Problem statement:
An exact copy of the data is required. No picture may appear in it.

Information given:

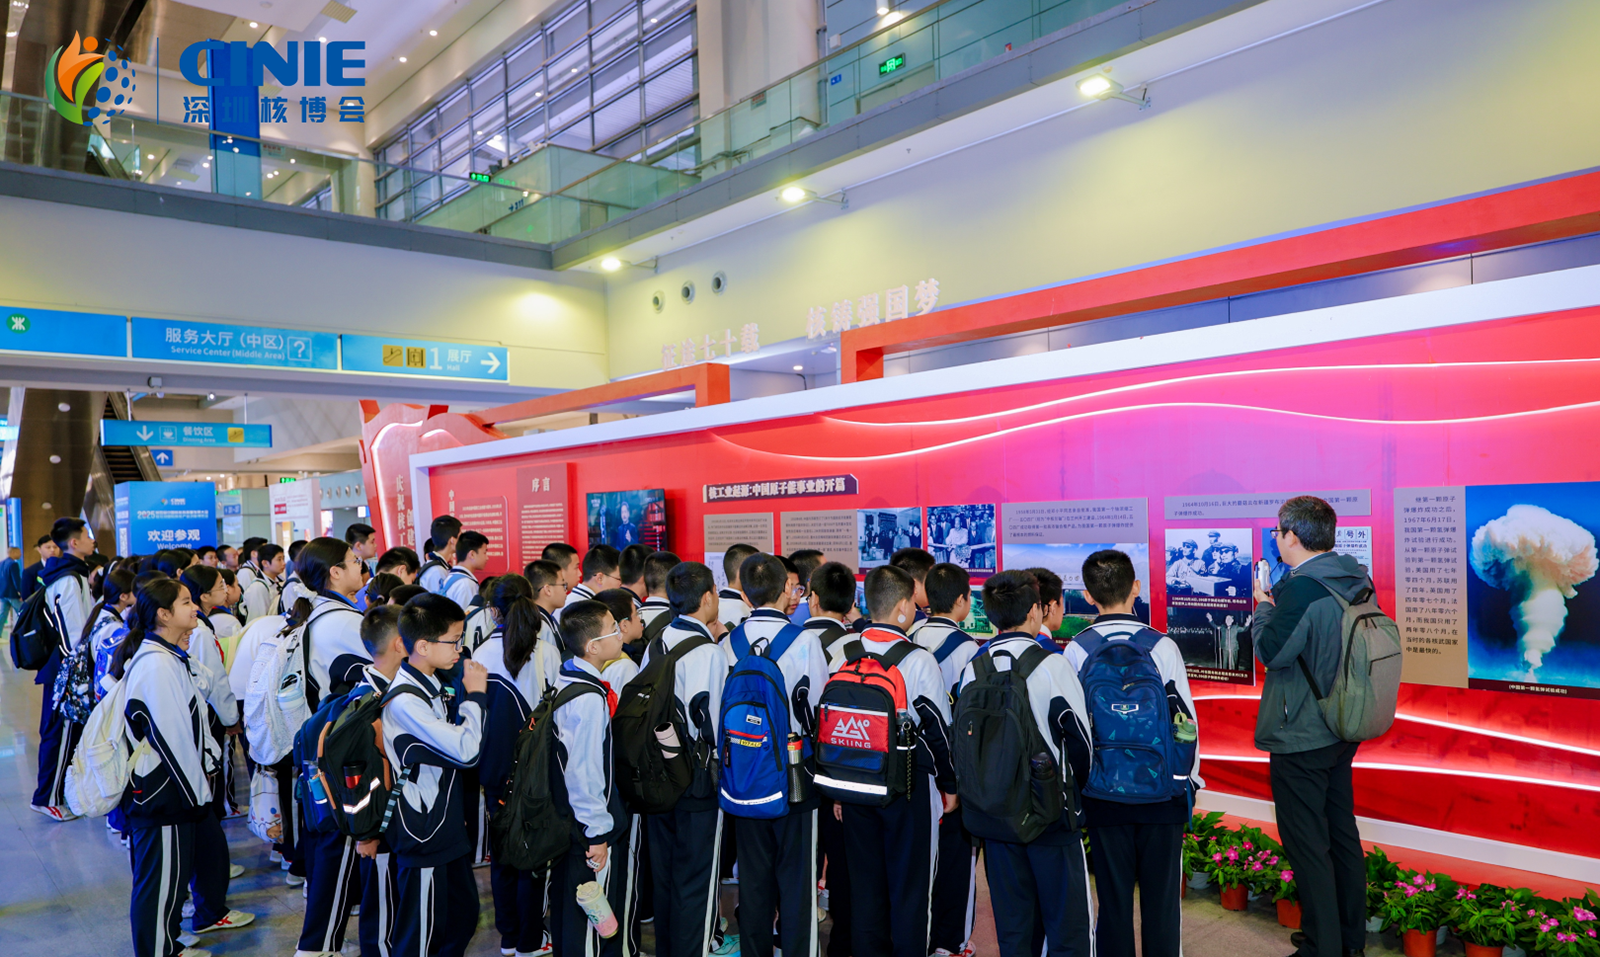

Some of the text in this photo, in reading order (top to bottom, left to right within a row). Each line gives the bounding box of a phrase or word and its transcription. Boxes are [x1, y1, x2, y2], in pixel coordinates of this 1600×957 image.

[806, 278, 940, 339] 核铸强国梦
[171, 345, 285, 361] Service Center (Middle Area)
[429, 347, 472, 370] 1 展厅
[183, 426, 214, 437] 餐饮区
[531, 477, 551, 493] 序言
[396, 474, 407, 548] 庆祝核工
[147, 529, 201, 542] 欢迎参观
[157, 542, 192, 550] Welcome
[830, 737, 872, 749] SKIING

The completed task:
Some of the text in this photo, in reading order (top to bottom, left to right within a row). Each line gives the bounding box of a phrase or word and its transcription. Boxes are [x1, y1, x2, y2], in pixel coordinates of this 1600×957 image.

[806, 278, 940, 339] 核铸强国梦
[171, 345, 285, 361] Service Center (Middle Area)
[429, 347, 472, 370] 1 展厅
[183, 426, 214, 437] 餐饮区
[531, 477, 551, 493] 序言
[396, 474, 407, 548] 庆祝核工
[147, 529, 201, 542] 欢迎参观
[157, 542, 192, 550] Welcome
[830, 737, 872, 749] SKIING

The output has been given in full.